Silvia Iskandar: Mendapat Inspirasi dan Harapan dari Jepang

Screen Shot 2014-05-20 at 10.20.15 AM

Awalnya, hari itu Hana jalani seperti biasa. Ia tak menyangka pada hari itu pula, gempa besar dan tsunami menyerang kotanya, Minami Souma. Gadis keturunan Indonesia-Jepang itu tak hanya kehilangan rumah, dia juga kehilangan ibunya.

Screen Shot 2014-05-20 at 10.20.15 AMAwalnya, hari itu Hana jalani seperti biasa. Ia tak menyangka pada hari itu pula, gempa besar dan tsunami menyerang kotanya, Minami Souma. Gadis keturunan Indonesia-Jepang itu tak hanya kehilangan rumah, dia juga kehilangan ibunya.

Cerita di atas adalah penggalan novel Only Hope karya Silvia Iskandar. Berlatar tsunami di Jepang, Silvia mampu membangkitkan rasa emosional para pembacanya. Tidak hanya Only Hope, Silvia juga menulis buku Omiyage dan Sakura Wonder yang berlatar negara Jepang. Seperti apa kariernya di dunia penulisan? Simak hasil wawancaranya berikut ini.

Silvia Iskandar sudah tertarik menulis sejak duduk di bangku SMP. Ia gemar membaca mulai dari serial Trio Detektif, Lima Sekawan, sampai Agatha Christie. Saat berusia 13 tahun, ia diajak ke makam nenek buyutnya untuk mengurus pemindahan makam karena akan digusur. Seketika ia berpikir, “Rasanya kok hidup sia-sia sekali, tidak ada yang bisa disumbangkan untuk dunia. Jadi bagaimana supaya saya bisa dikenal orang lebih lama? Saya bukan orang cantik, pintar atau kaya raya. Apa yang bisa saya tinggalkan di dunia ini, sesuatu yang bisa hidup lebih lama dari saya? Yang saya punya cuma kemampuan menulis yang masih mentah sekali. Tapi saya sudah banyak membaca buku, saya merasa itu bisa menjadi bekal yang baik untuk saya. ”

Tulisan pertama Silvia dimuat di majalah Ananda. Ada sebuah kolom kecil sekitar ½ halaman dimana Silvia menulis cerita.

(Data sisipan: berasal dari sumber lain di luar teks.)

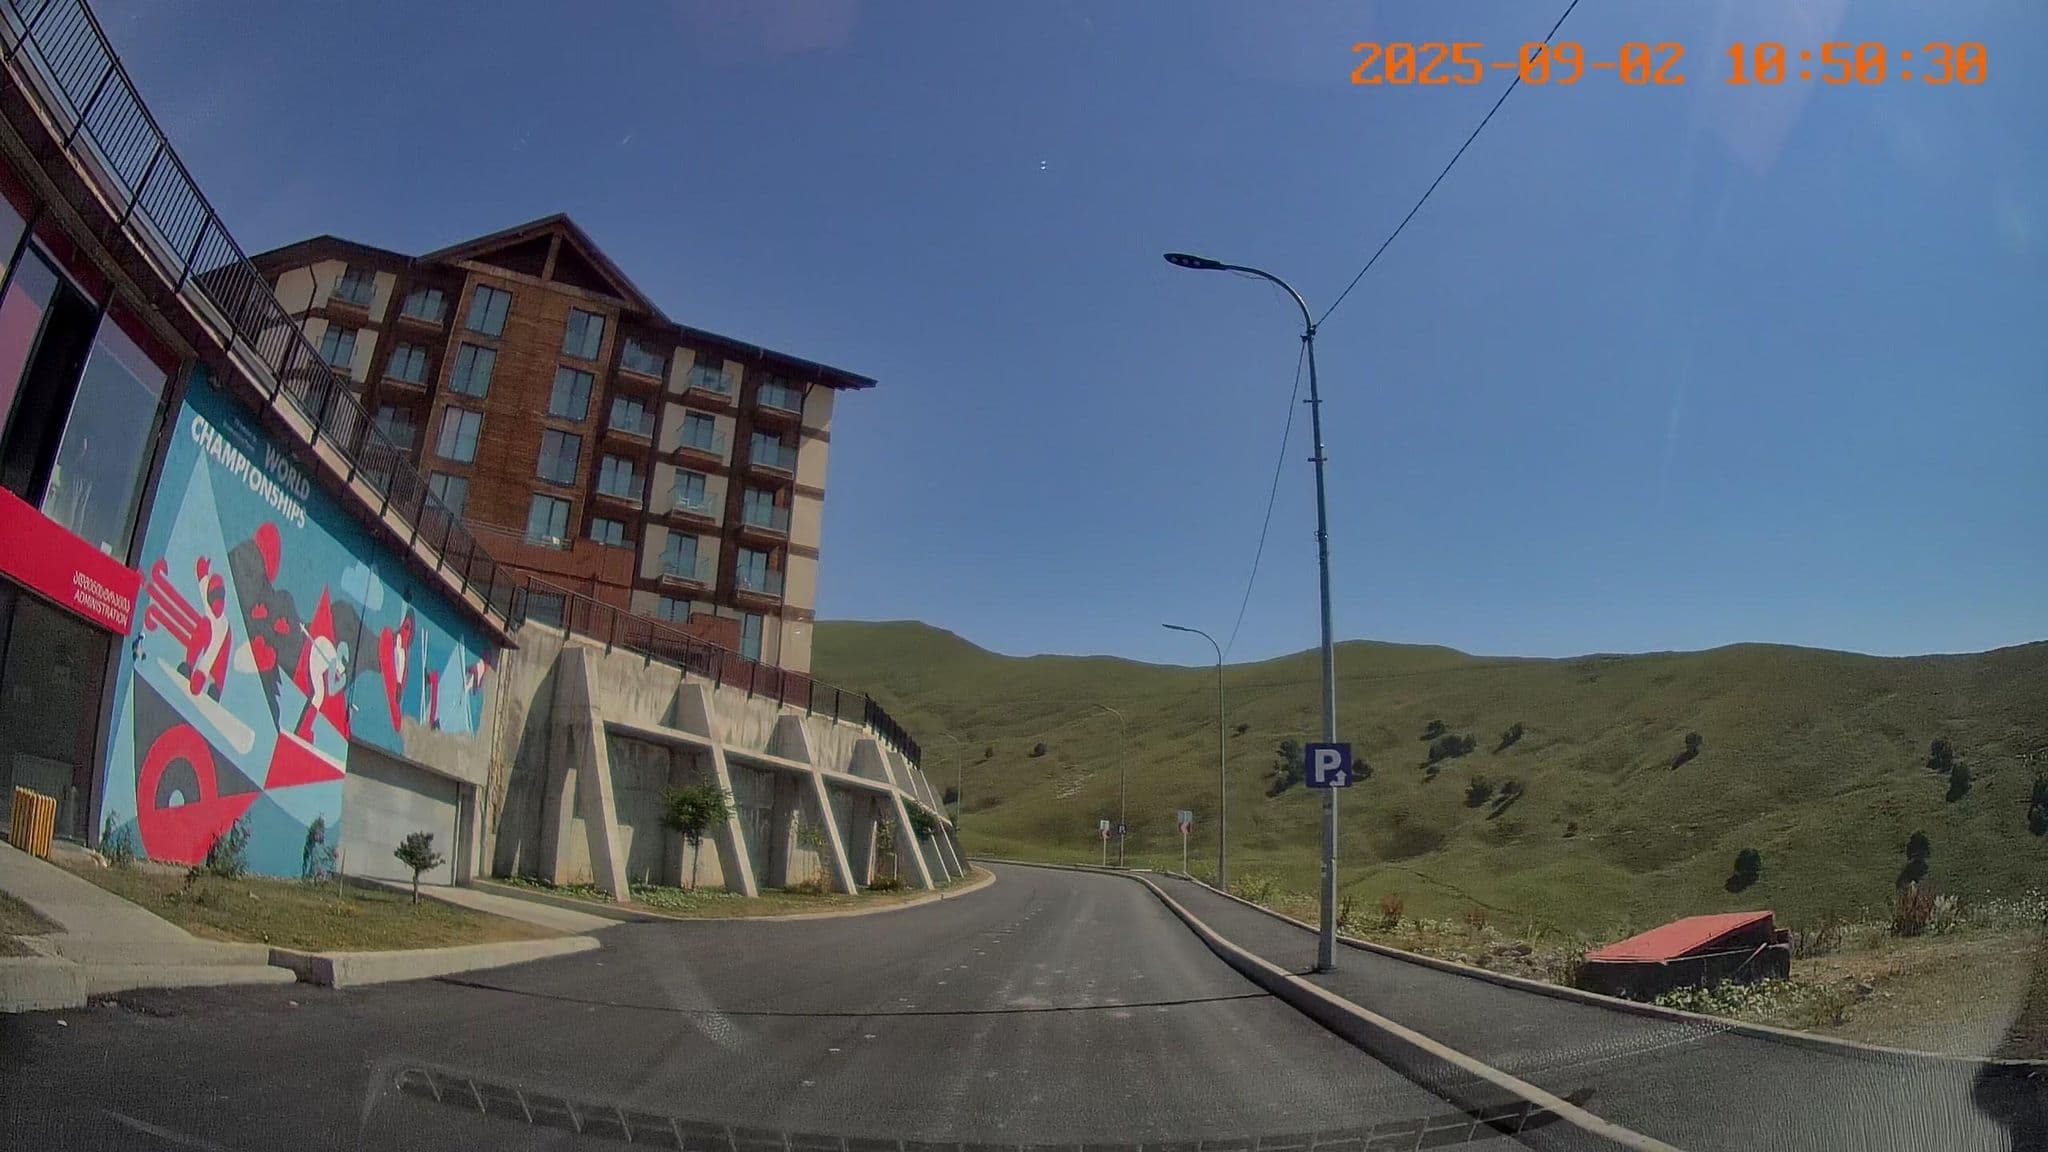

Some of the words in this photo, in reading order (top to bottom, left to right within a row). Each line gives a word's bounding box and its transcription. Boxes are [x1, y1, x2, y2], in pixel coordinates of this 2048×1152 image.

[191, 415, 307, 529] CHAMPIONSHIPS
[265, 442, 310, 501] WORLD
[74, 589, 128, 628] ADMINISTRATION
[1315, 749, 1341, 782] P

“Waktu itu di kelas kami belajar tentang pahlawan RW Monginsidi, dan ada teman yang salah menyebut namanya, Robert Wortel Monginsidi, keras-keras di tengah pelajaran, sampai kami semua tertawa terbahak-bahak. Pengalaman ini saya angkat menjadi bahan tulisan humor di majalah tersebut,” kenang Silvia.

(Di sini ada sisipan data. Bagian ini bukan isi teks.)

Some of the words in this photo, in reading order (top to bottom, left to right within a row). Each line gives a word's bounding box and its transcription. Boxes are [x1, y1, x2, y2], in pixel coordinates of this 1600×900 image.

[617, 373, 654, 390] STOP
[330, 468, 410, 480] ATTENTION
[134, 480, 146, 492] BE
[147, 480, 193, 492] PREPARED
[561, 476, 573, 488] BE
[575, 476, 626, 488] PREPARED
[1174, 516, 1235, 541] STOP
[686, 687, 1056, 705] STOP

Inspirasi menulis Silvia biasanya datang dari pengalaman sendiri atau pengalaman orang lain yang diberi bumbu fiksi. Kadang untuk menyalurkan inspirasi tersebut, terdapat kendala yang ditemui. Waktu menjadi kendala utama karena selain menulis, ia juga sambil bekerja dan mengurus anak. Namun untuk menemukan mood yang bagus, ia mempunyai trik sendiri.

“Biasanya kalau sudah mampet, saya tinggalkan naskah. Bisa berhari-hari, bisa berbulan-bulan. Saya mencari ilham dan berpikir kalau sedang jalan sendirian ke kantor atau duduk bengong di kereta. Jadi begitu kembali ke naskah, sudah ada satu episode lengkap yang siap diketik. Sehingga mood tidak jadi masalah, yang jadi masalah ya itu…sudah siap diketik, tapi tidak ada waktu. Ditahan-tahan jadi seperti orang kebelet..hahaha..” ujar Silvia.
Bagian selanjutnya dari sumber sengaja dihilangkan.